Save to CSV for downstream analysis:

# All results
write.csv(results_art$results, "art_results.csv", row.names = FALSE)

# Significant hits only
results_art$results %>%
  filter(significant) %>%
  write.csv("art_significant.csv", row.names = FALSE)

# Stratified results
write.csv(results_strat$results, "art_stratified.csv", row.names = FALSE)

Limitations of ART

Speed: ART is slower than GLM because it fits multiple aligned models per peptide. For large datasets, this matters.

Interpretation: Rank-based effects are less intuitive than fold changes. “Treatment increases ranks” is harder to communicate than “treatment doubles abundance”.

Balance: ART works best with balanced designs (equal n per cell). Unbalanced designs can give unreliable interaction tests.

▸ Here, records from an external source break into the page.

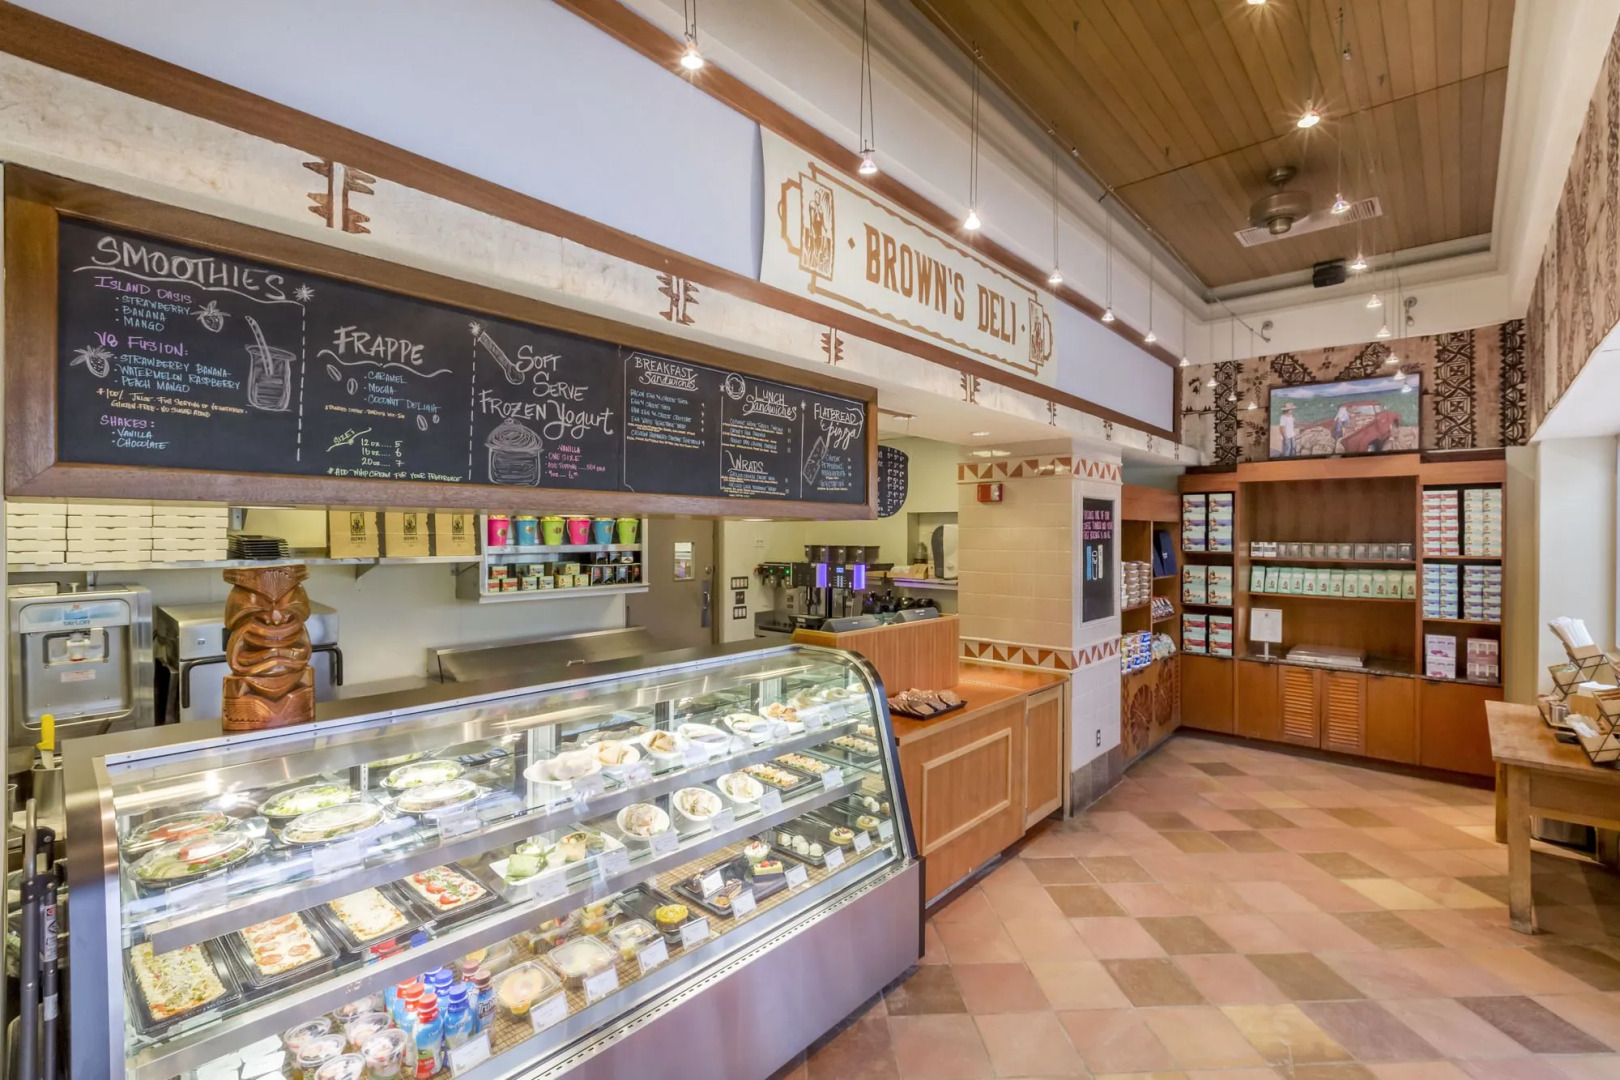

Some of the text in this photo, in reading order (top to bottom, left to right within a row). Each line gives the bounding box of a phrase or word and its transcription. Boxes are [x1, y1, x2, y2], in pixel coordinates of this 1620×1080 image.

[91, 236, 287, 300] SMOOTHIES
[94, 276, 150, 295] ISLAND
[864, 222, 1016, 345] BROWN'S DELI
[121, 295, 190, 316] STRAWBERRY
[122, 306, 167, 322] BANANA
[123, 316, 165, 332] MANGO
[94, 332, 118, 347] V8
[333, 326, 425, 365] FRAPPE
[120, 354, 232, 378] STRAWBERRY BANANA
[634, 356, 694, 380] BREAKFAST
[119, 364, 240, 390] WATERMELON RASPBERRY
[122, 377, 190, 393] PEACH MANGO
[368, 371, 407, 384] CARAMEL
[368, 383, 397, 394] MOCHA
[755, 386, 785, 406] LUNCH
[368, 395, 405, 407] COCONUT
[406, 400, 442, 413] DELIGHT
[478, 389, 547, 421] FROZEN
[543, 400, 614, 440] Yogurt
[814, 403, 858, 425] FLATBREAD
[117, 429, 154, 439] VANILLA
[117, 438, 170, 450] CHOCOLATE
[395, 449, 402, 457] 6
[558, 444, 581, 454] VANILLA
[725, 450, 764, 473] WRAPS
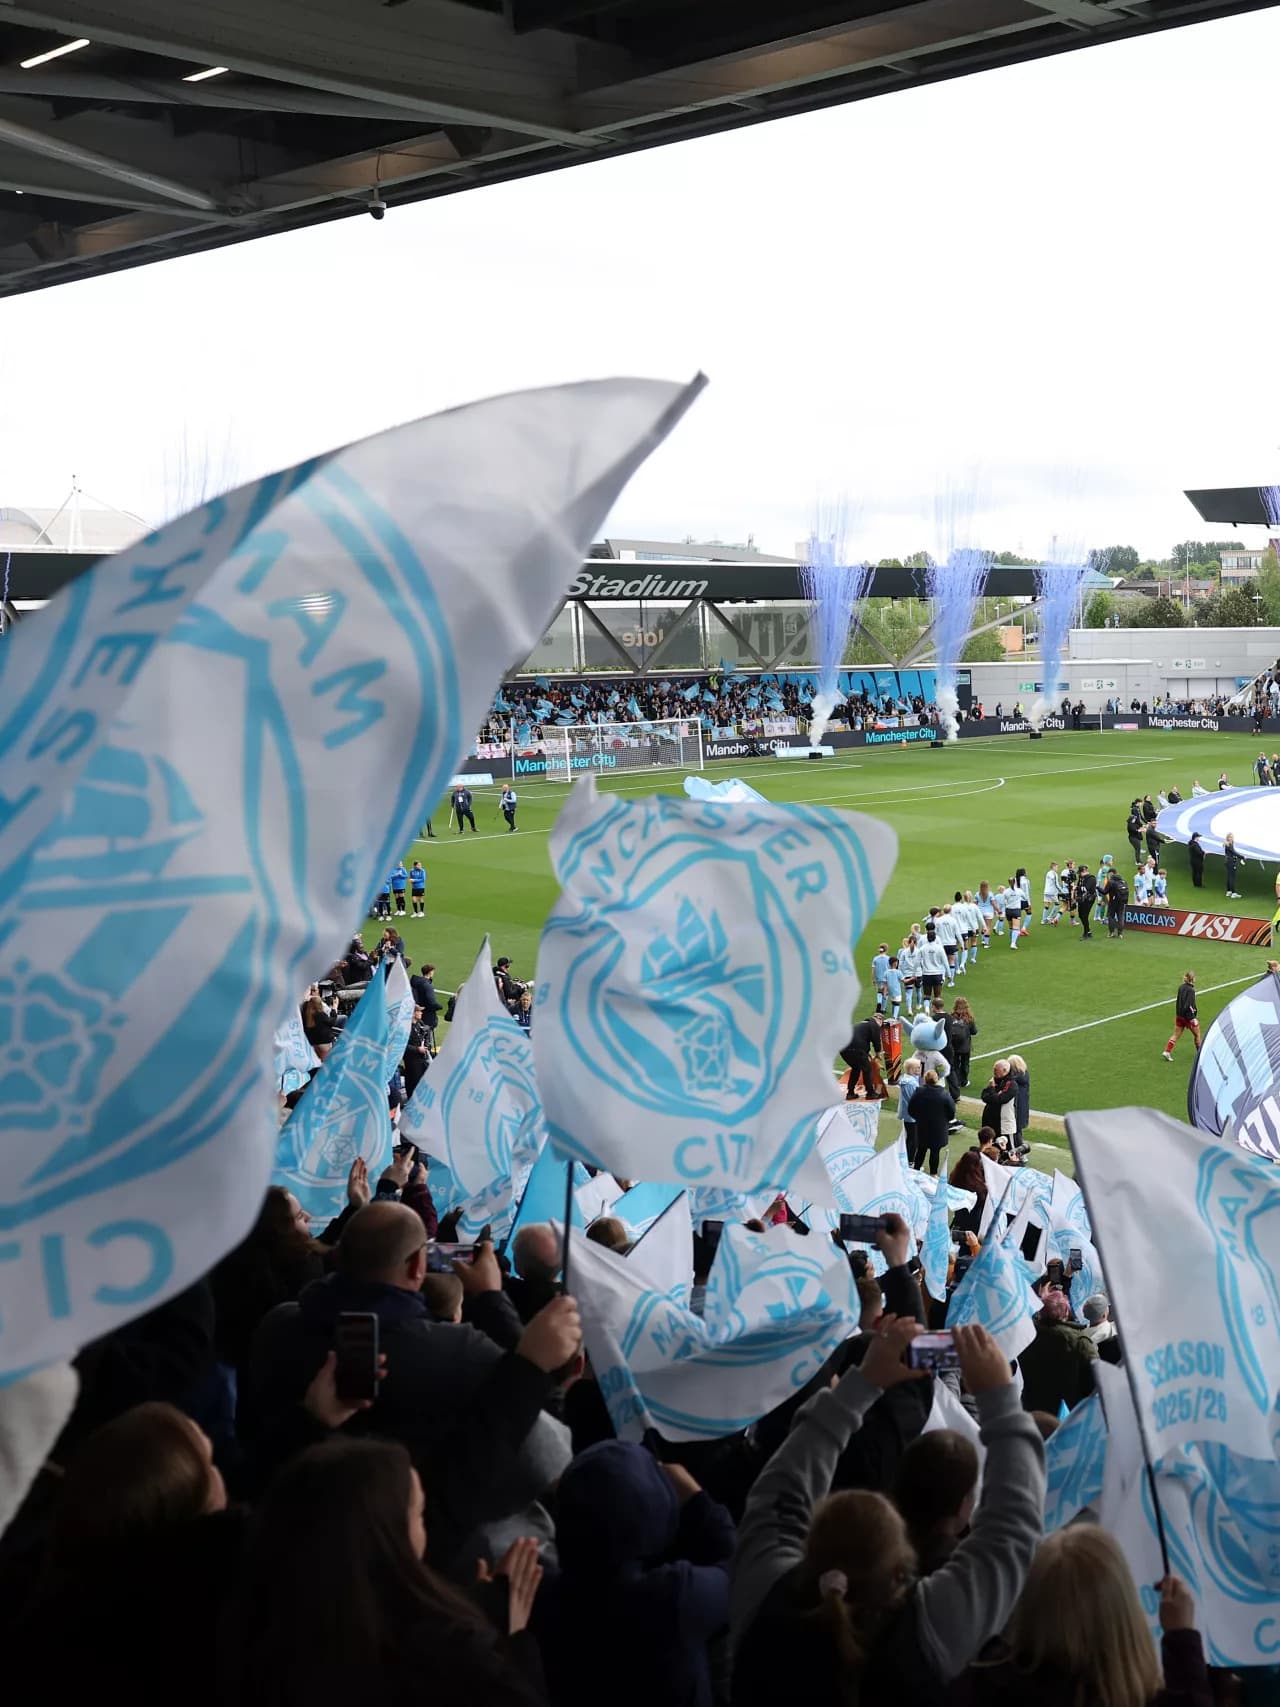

Not a magic fix: If your data has fundamental problems (outlier samples, batch effects), ART won’t save you. Fix the problems first.

Practical recommendations

Start with GLM - it’s the default for good reason
Check GLM fit - run plot_fit_diagnostics(results) (see vignette("checking_fit"))
If diagnostics look poor, try ART on the same data
Compare results - where do methods agree and disagree?
For publication, report which method you used and why

Decision tree:

GLM diagnostics OK?
  → Yes: Use GLM
  → No: Try ART
         ↓
       ART diagnostics OK?
         → Yes: Use ART
         → No: You may need more data, or the effect isn't there

When both methods fail

If neither GLM nor ART gives sensible results:

Check data quality: Outlier samples, batch effects, normalisation issues
Consider sample size: May not have power to detect effects
Simplify the model: Too many factors for the data?
Accept the null: Sometimes there’s no effect to find

See peppwR for power analysis to understand what effect sizes your experiment can detect.